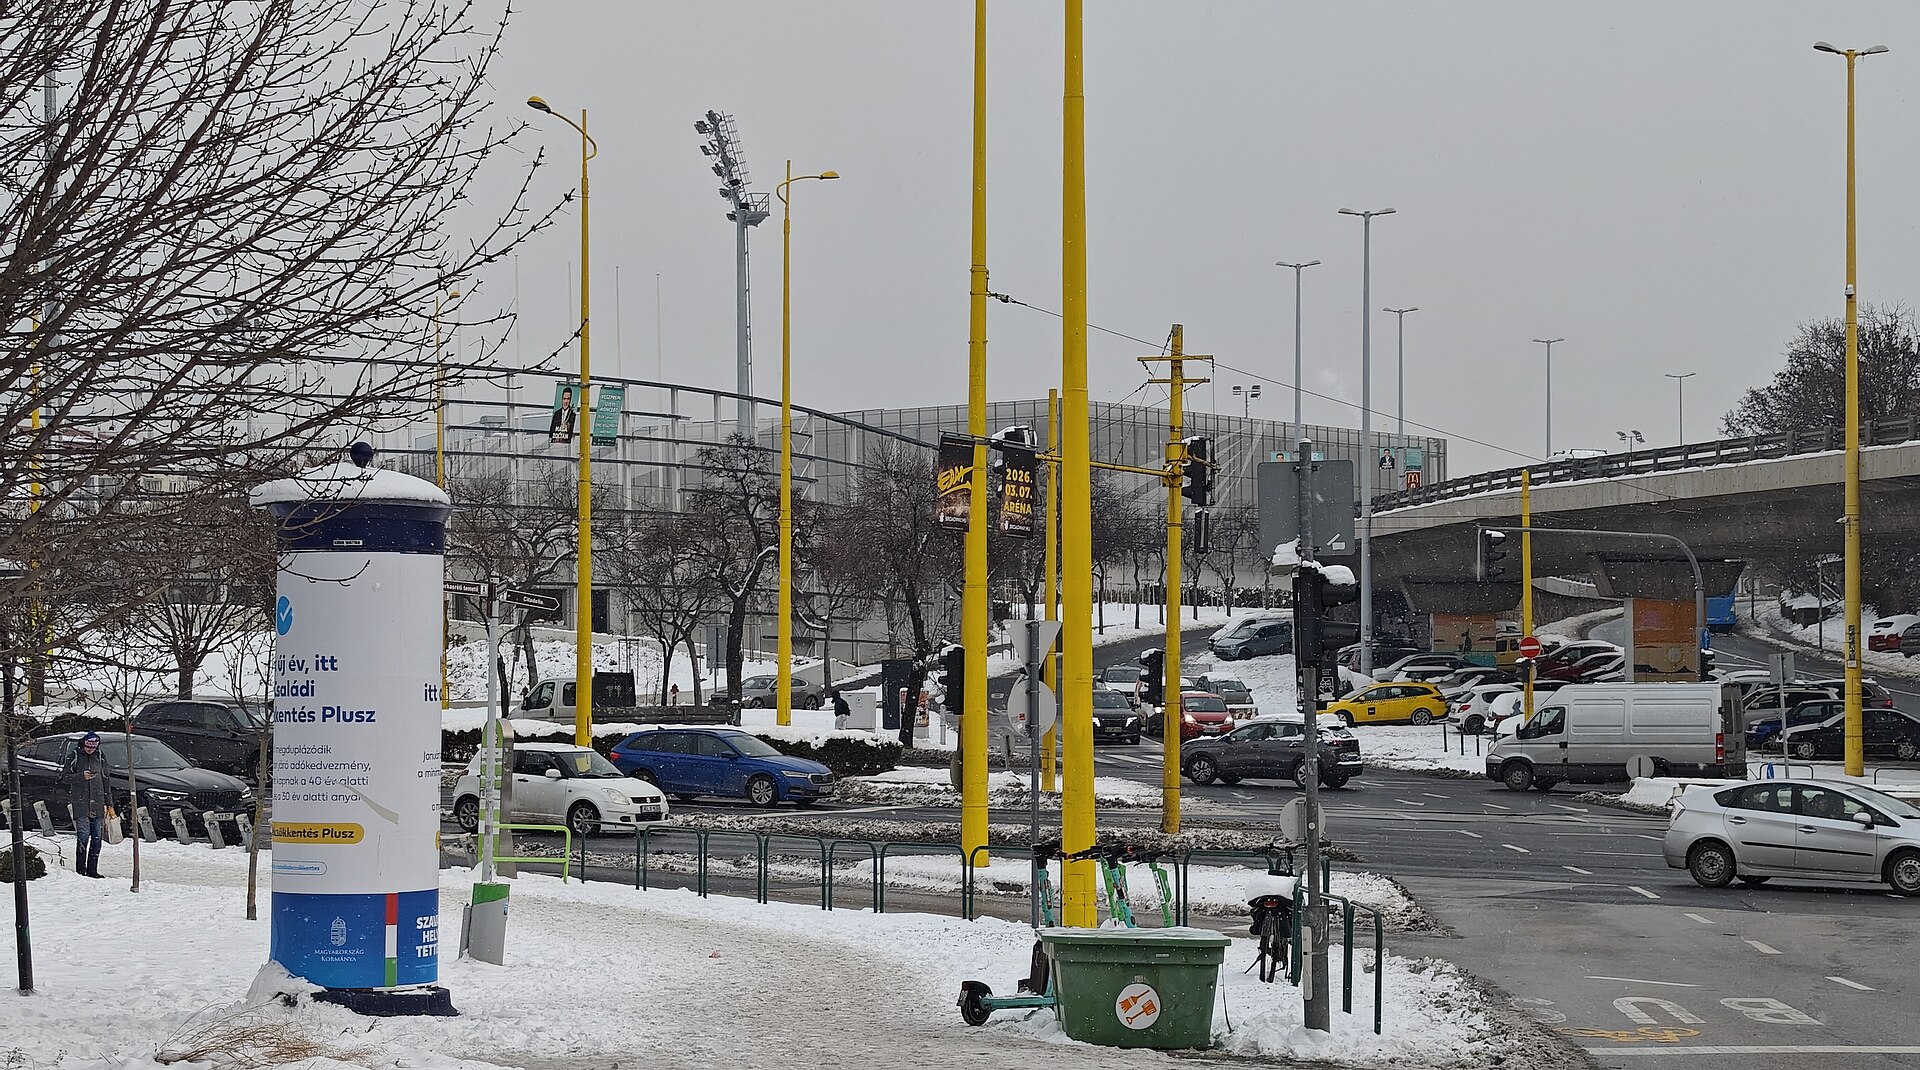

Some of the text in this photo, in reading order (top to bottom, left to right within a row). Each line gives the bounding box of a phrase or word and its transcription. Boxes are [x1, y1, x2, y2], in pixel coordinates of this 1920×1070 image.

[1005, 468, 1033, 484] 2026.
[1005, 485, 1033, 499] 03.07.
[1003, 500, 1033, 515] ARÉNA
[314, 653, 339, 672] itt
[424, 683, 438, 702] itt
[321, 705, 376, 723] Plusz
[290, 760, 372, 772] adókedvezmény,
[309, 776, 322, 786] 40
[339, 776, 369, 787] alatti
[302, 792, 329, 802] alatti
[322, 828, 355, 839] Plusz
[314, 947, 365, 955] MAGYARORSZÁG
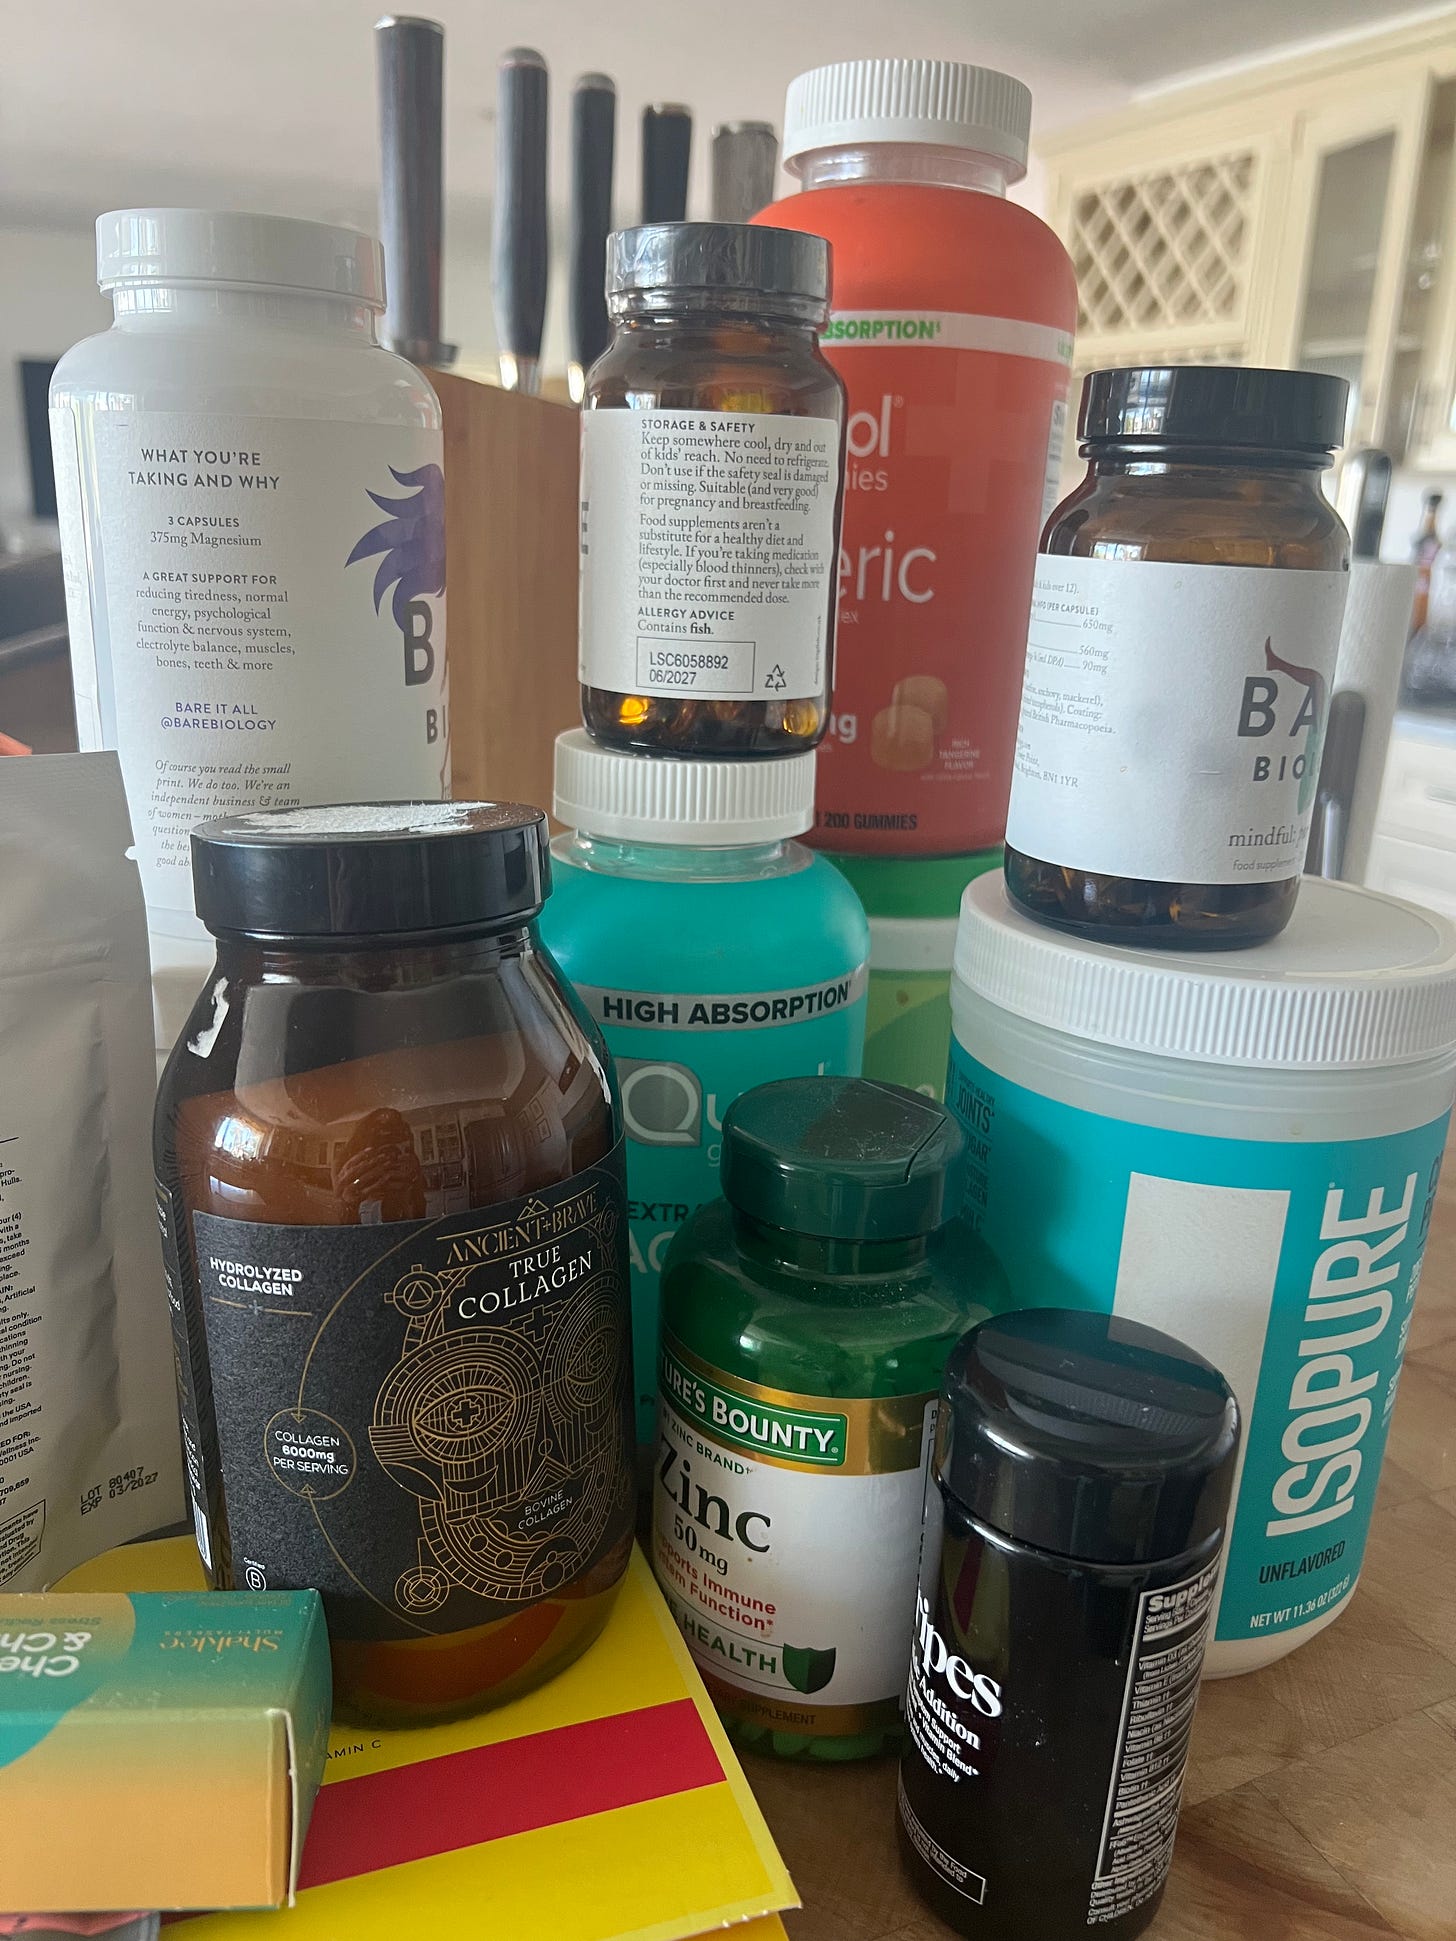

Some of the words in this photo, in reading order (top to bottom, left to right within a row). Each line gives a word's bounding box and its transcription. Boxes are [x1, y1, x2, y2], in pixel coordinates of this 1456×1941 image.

---

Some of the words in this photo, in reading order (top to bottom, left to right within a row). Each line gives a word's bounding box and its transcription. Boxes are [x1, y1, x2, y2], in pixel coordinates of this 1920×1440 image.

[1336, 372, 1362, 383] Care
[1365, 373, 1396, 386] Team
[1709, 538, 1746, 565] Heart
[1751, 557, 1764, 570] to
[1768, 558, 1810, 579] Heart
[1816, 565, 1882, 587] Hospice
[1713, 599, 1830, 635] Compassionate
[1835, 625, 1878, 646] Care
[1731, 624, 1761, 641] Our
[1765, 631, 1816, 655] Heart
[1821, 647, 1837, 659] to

*Exercise objective*.
Only the lines between the one with "Some of the text" and the one with "this 1456×1941 image.", those two included, get copied from the material above. Keep it exact and free of pictures.

*Task answer*.
Some of the text in this photo, in reading order (top to bottom, left to right within a row). Each line gives the bounding box of a phrase or word and its transcription. Boxes are [x1, y1, x2, y2], in pixel coordinates of this 1920×1070 image.

[1005, 468, 1033, 484] 2026.
[1005, 485, 1033, 499] 03.07.
[1003, 500, 1033, 515] ARÉNA
[314, 653, 339, 672] itt
[424, 683, 438, 702] itt
[321, 705, 376, 723] Plusz
[290, 760, 372, 772] adókedvezmény,
[309, 776, 322, 786] 40
[339, 776, 369, 787] alatti
[302, 792, 329, 802] alatti
[322, 828, 355, 839] Plusz
[314, 947, 365, 955] MAGYARORSZÁG

Some of the words in this photo, in reading order (top to bottom, left to right within a row). Each line gives a word's bounding box and its transcription. Boxes are [x1, y1, x2, y2], in pixel coordinates of this 1456×1941 image.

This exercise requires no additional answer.